Summary: The book covers programming ASP.Net in great detail for programmers already familiar with either C# or VB.Net.

This is a very thorough book that covers of programming ASP.Net in both VB.Net and C#.   It's also a very detailed book that gets right down to the nitty-gritty and never comes up for air. I'd recommend it highly for those programmers who already know C# or VB.Net and want to get down to the details and program ASP.Net.

Everything is taught by example.  In fact the text of the examples take up nearly half the pages.  Almost all examples are reproduced in both C# and VB.Net.  The authors rely on showing the examples, and then separately pulling out some of the source and expounding how each particular line or group of lines works.  This is a very strait forward way to learn and doesn't leave the user trying to puzzle out what the authors intended.  That's good. 

The repetition of all the examples in both C# and VB.Net can get rather tedious after a while.  I wasn't really interested in the C#, so about a quarter of the book was just irrelevant.  However, in the earlier examples, which all hand both code and HTML in the same file, the HTML wasn't always repeated in both examples.  Not that there's any shortage of pages.  At 949 pages it can take a long time to wade through, especially if you execute many of the examples.

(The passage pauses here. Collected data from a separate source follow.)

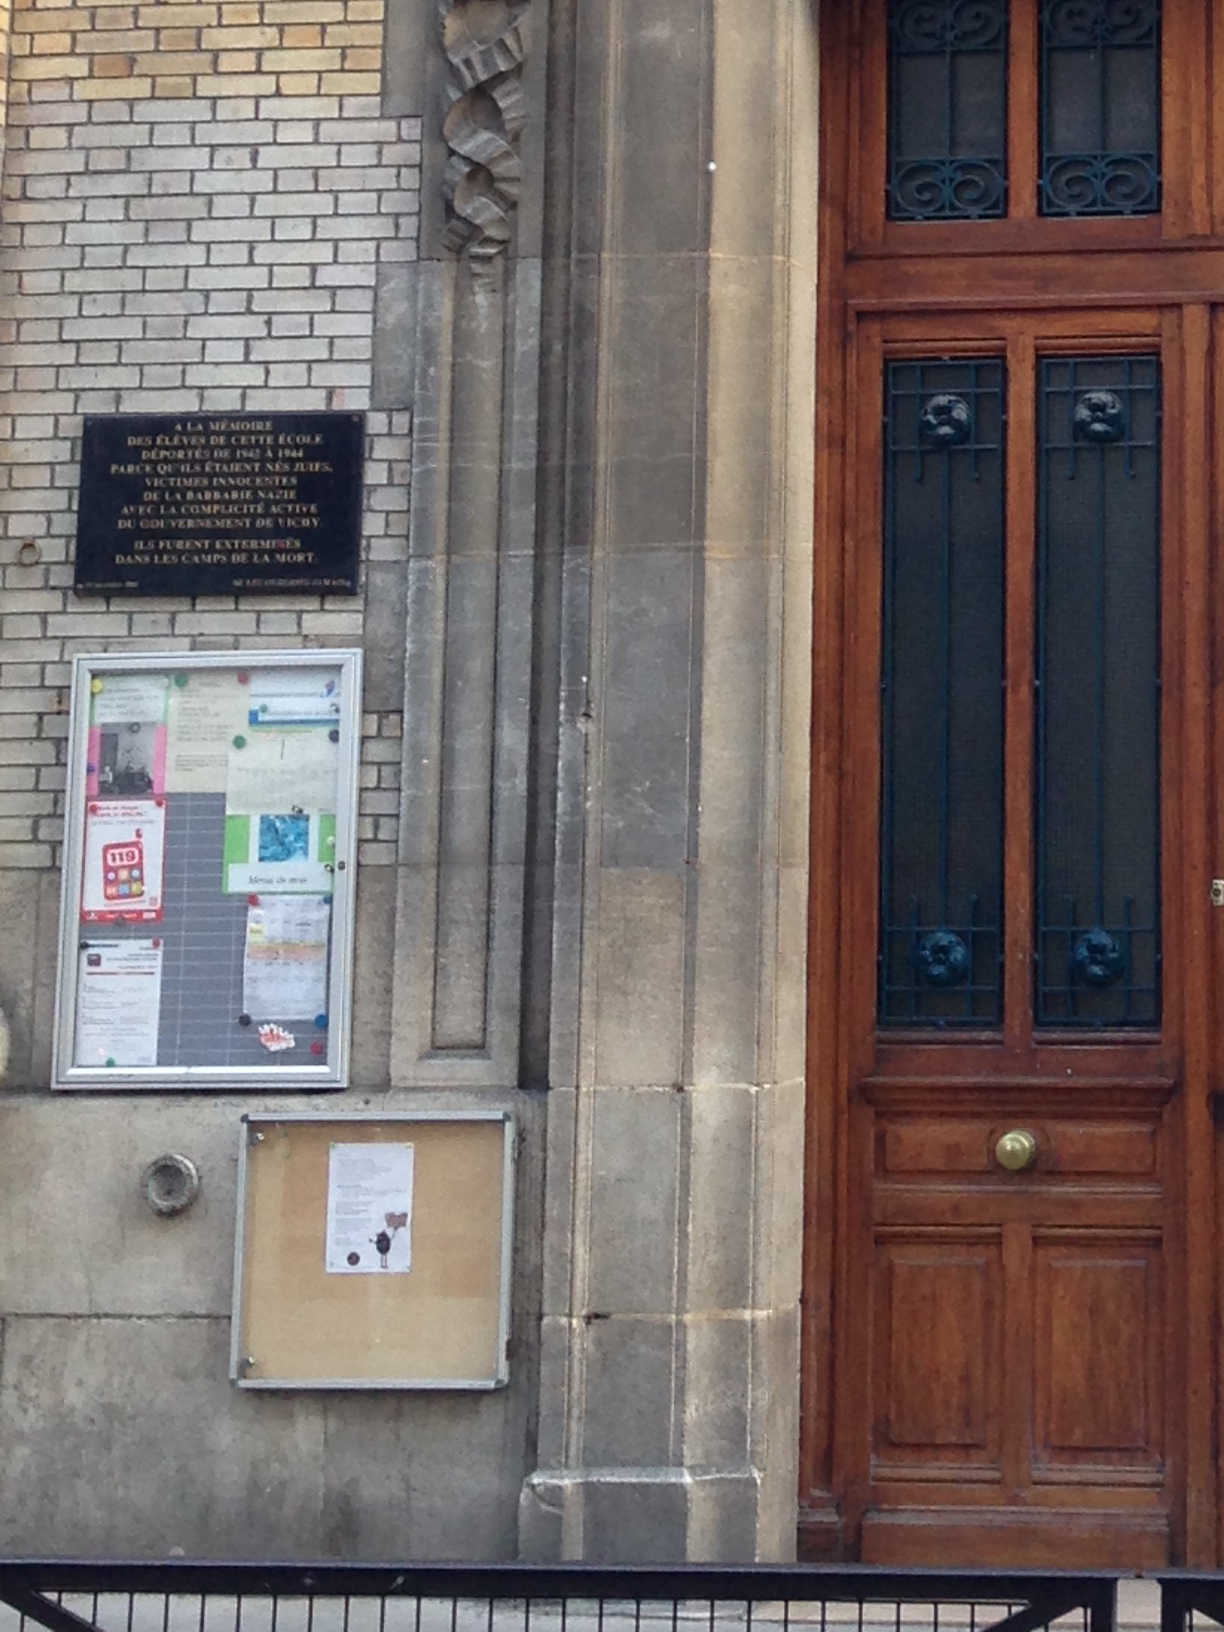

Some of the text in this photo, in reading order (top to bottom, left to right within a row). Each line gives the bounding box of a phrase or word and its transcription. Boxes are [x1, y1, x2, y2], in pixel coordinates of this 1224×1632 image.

[187, 421, 204, 431] LA
[209, 419, 272, 431] MÉMOIRE
[127, 436, 152, 446] DES
[210, 435, 225, 445] DE
[230, 434, 274, 445] CETTE
[278, 432, 323, 444] ÉCOLE
[141, 448, 210, 460] DÉPORTÉS
[213, 449, 230, 459] DE
[278, 448, 303, 458] 1944
[205, 460, 261, 473] ÉTAIENT
[145, 476, 298, 487] VICTIMES INNOCENTES
[143, 489, 297, 501] DE LA BARBARIE NAZIE
[121, 502, 318, 515] AVEC LA COMPLICITÉ ACTIVE
[117, 519, 136, 529] DU
[139, 518, 252, 529] GOUVERNEMENT
[256, 518, 273, 528] DE
[159, 539, 210, 550] FURENT
[115, 554, 150, 564] DANS
[154, 554, 178, 564] LES
[181, 553, 227, 564] CAMPS
[231, 553, 249, 564] DE
[252, 553, 270, 563] LA
[110, 850, 136, 864] 119

One of the unexpected approaches in Programming ASP.Net was that most of ASP.Net is taught without reference to Visual Studio.  Visual Studio wasn't brought into the picture until around page 240, after the discussion of ASPX pages and all the controls.  Although I was aware that any text editor could be used on ASPX pages, before I picked up the book it was an afterthought.  And for me, it remains an afterthought.  For those of use who have a copy of Visual Studio and like it, why would you spend a whole lot of time programming ASP.Net with a text editor?  In fact, codebehind wasn't discussed until page 199.  So the code in the earlier examples is all in the same file as the HTML, in the style of ASP.

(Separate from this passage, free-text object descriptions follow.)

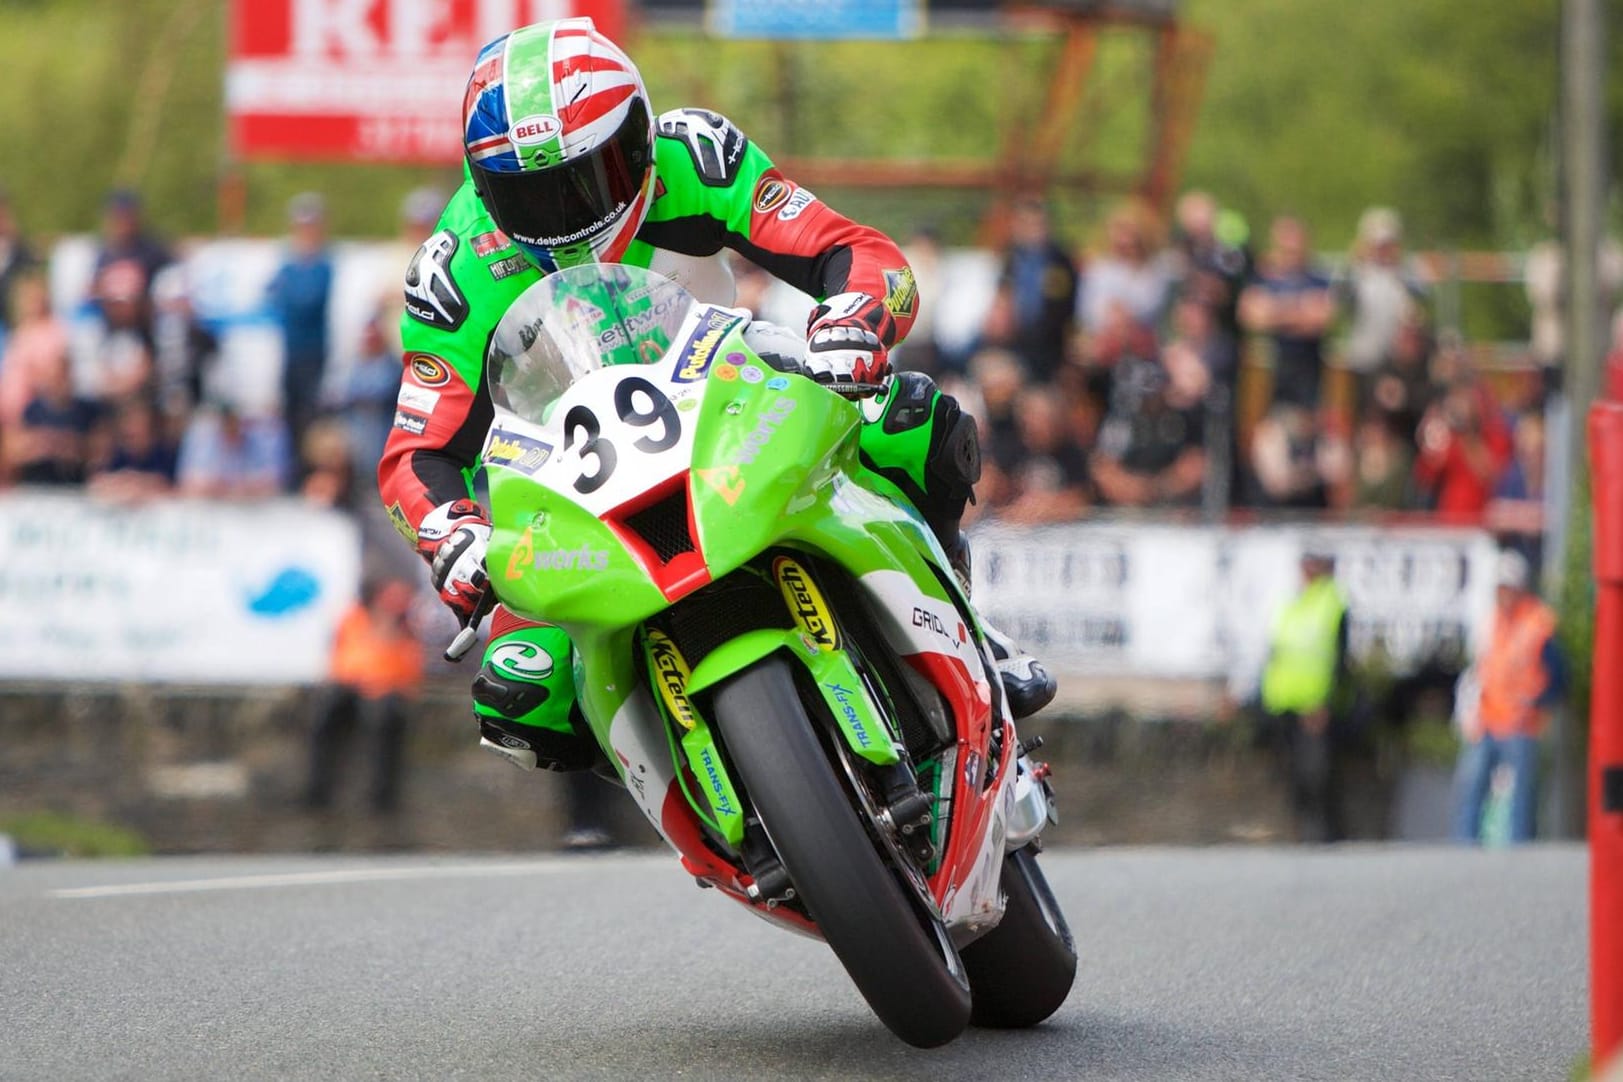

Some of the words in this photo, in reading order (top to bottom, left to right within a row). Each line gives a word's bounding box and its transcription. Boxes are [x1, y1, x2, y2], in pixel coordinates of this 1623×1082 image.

[516, 121, 553, 139] BELL
[513, 201, 626, 246] www.delphcontrols.co.uk
[564, 377, 682, 494] 39
[825, 683, 872, 749] TRANS-FIX
[700, 748, 737, 816] TRANS-FIX

The first third of the book covers ASP.Net without using data access technology.  This is a understandable, if unrealistic, simplification that lets the authors concentrate on the user interface aspects of ASP.Net  programming.  The coverage of ADO.Net is very good, once you get to it.  In fact, it's better that some books that are devoted entirely to the subject.

Programming ASP.Net is a tutorial, not a reference.  Although there are many tables that list the properties and methods of one object or another, the coverage is worked into the examples and is not systematic.  I found that a very reasonable choice.  The inclusion of a very detailed 40-page index will let me go back and find the examples that cover any particular control, property or method when I need them.

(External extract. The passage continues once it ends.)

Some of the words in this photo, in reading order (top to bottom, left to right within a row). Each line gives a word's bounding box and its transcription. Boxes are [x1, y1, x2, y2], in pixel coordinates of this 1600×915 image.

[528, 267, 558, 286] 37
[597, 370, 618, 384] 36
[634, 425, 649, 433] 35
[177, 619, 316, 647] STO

Overall, I found it a very good book for learning the details of ASP.Net.  If your interested in knowing both C# and VB.Net it's a fantastic way of working with both.  If you're only interested in one or the other, the presence of the one you're not interested in can be a distraction.  You're also not going to get much of the big picture from this book.  It's about the trees, not the forest.  Given that ASP.Net is so early in it's lifecycle, that's probably a good thing.